Word for word, copy out the records given below.
——
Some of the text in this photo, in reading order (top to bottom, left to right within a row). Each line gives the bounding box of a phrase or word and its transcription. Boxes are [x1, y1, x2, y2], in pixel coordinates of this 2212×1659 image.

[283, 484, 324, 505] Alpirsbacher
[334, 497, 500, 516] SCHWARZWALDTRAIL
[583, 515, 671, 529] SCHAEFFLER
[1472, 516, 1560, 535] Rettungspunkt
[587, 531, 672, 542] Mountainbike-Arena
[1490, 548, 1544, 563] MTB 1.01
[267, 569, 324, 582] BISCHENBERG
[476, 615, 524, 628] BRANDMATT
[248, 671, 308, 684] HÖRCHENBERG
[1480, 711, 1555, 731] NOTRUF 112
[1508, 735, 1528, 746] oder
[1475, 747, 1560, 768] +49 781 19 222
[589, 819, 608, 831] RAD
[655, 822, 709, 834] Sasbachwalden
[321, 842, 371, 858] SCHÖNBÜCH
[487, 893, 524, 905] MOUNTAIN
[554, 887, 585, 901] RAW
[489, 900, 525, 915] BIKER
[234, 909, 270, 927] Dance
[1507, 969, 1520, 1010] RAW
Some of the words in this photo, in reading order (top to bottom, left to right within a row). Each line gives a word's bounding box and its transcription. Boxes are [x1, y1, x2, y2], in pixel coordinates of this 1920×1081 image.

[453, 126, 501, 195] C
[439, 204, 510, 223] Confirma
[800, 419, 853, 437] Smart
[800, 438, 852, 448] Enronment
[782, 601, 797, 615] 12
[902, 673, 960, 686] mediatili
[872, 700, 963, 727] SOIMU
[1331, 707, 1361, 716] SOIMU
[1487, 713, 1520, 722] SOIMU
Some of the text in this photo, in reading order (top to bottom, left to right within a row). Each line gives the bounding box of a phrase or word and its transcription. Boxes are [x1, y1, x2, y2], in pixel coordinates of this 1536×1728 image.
——
SOLUTION:
Some of the text in this photo, in reading order (top to bottom, left to right within a row). Each line gives the bounding box of a phrase or word and its transcription. Boxes are [x1, y1, x2, y2], in pixel coordinates of this 2212×1659 image.

[283, 484, 324, 505] Alpirsbacher
[334, 497, 500, 516] SCHWARZWALDTRAIL
[583, 515, 671, 529] SCHAEFFLER
[1472, 516, 1560, 535] Rettungspunkt
[587, 531, 672, 542] Mountainbike-Arena
[1490, 548, 1544, 563] MTB 1.01
[267, 569, 324, 582] BISCHENBERG
[476, 615, 524, 628] BRANDMATT
[248, 671, 308, 684] HÖRCHENBERG
[1480, 711, 1555, 731] NOTRUF 112
[1508, 735, 1528, 746] oder
[1475, 747, 1560, 768] +49 781 19 222
[589, 819, 608, 831] RAD
[655, 822, 709, 834] Sasbachwalden
[321, 842, 371, 858] SCHÖNBÜCH
[487, 893, 524, 905] MOUNTAIN
[554, 887, 585, 901] RAW
[489, 900, 525, 915] BIKER
[234, 909, 270, 927] Dance
[1507, 969, 1520, 1010] RAW
Some of the words in this photo, in reading order (top to bottom, left to right within a row). Each line gives a word's bounding box and its transcription. Boxes are [x1, y1, x2, y2], in pixel coordinates of this 1920×1081 image.

[453, 126, 501, 195] C
[439, 204, 510, 223] Confirma
[800, 419, 853, 437] Smart
[800, 438, 852, 448] Enronment
[782, 601, 797, 615] 12
[902, 673, 960, 686] mediatili
[872, 700, 963, 727] SOIMU
[1331, 707, 1361, 716] SOIMU
[1487, 713, 1520, 722] SOIMU
Some of the text in this photo, in reading order (top to bottom, left to right within a row). Each line gives the bounding box of a phrase or word and its transcription. Boxes are [x1, y1, x2, y2], in pixel coordinates of this 1536×1728 image.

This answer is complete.